◆ Task statement
All of the data needs to be printed again, exactly as written.

◆ Data section

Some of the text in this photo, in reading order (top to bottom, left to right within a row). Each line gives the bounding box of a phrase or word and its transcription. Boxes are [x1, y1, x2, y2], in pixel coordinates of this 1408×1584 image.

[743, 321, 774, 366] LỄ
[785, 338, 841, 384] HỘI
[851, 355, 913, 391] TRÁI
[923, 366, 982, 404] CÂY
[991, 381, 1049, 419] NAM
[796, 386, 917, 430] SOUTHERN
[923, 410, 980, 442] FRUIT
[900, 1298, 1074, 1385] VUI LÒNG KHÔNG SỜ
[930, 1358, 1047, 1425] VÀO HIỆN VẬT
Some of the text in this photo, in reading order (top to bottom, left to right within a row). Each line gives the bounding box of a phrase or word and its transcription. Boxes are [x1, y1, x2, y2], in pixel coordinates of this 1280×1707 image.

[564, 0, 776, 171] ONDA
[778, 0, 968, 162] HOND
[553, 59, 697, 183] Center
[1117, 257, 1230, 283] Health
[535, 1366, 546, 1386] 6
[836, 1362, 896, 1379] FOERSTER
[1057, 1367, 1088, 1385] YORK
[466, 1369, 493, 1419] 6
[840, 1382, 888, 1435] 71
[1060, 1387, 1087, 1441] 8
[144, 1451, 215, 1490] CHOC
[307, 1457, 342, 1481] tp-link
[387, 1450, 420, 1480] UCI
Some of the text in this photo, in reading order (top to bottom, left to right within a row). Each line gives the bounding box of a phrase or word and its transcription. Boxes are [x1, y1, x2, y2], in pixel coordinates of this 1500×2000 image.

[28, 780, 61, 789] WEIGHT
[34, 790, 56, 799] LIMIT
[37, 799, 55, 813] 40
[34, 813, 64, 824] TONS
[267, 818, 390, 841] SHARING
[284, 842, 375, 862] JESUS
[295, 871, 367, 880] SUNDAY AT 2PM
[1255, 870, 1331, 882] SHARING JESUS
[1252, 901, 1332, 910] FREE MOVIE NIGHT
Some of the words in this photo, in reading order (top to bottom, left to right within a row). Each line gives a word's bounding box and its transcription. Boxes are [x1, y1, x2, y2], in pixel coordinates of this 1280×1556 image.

◆ Answer for this exercise
Some of the text in this photo, in reading order (top to bottom, left to right within a row). Each line gives the bounding box of a phrase or word and its transcription. Boxes are [x1, y1, x2, y2], in pixel coordinates of this 1408×1584 image.

[743, 321, 774, 366] LỄ
[785, 338, 841, 384] HỘI
[851, 355, 913, 391] TRÁI
[923, 366, 982, 404] CÂY
[991, 381, 1049, 419] NAM
[796, 386, 917, 430] SOUTHERN
[923, 410, 980, 442] FRUIT
[900, 1298, 1074, 1385] VUI LÒNG KHÔNG SỜ
[930, 1358, 1047, 1425] VÀO HIỆN VẬT
Some of the text in this photo, in reading order (top to bottom, left to right within a row). Each line gives the bounding box of a phrase or word and its transcription. Boxes are [x1, y1, x2, y2], in pixel coordinates of this 1280×1707 image.

[564, 0, 776, 171] ONDA
[778, 0, 968, 162] HOND
[553, 59, 697, 183] Center
[1117, 257, 1230, 283] Health
[535, 1366, 546, 1386] 6
[836, 1362, 896, 1379] FOERSTER
[1057, 1367, 1088, 1385] YORK
[466, 1369, 493, 1419] 6
[840, 1382, 888, 1435] 71
[1060, 1387, 1087, 1441] 8
[144, 1451, 215, 1490] CHOC
[307, 1457, 342, 1481] tp-link
[387, 1450, 420, 1480] UCI
Some of the text in this photo, in reading order (top to bottom, left to right within a row). Each line gives the bounding box of a phrase or word and its transcription. Boxes are [x1, y1, x2, y2], in pixel coordinates of this 1500×2000 image.

[28, 780, 61, 789] WEIGHT
[34, 790, 56, 799] LIMIT
[37, 799, 55, 813] 40
[34, 813, 64, 824] TONS
[267, 818, 390, 841] SHARING
[284, 842, 375, 862] JESUS
[295, 871, 367, 880] SUNDAY AT 2PM
[1255, 870, 1331, 882] SHARING JESUS
[1252, 901, 1332, 910] FREE MOVIE NIGHT
Some of the words in this photo, in reading order (top to bottom, left to right within a row). Each line gives a word's bounding box and its transcription. Boxes are [x1, y1, x2, y2], in pixel coordinates of this 1280×1556 image.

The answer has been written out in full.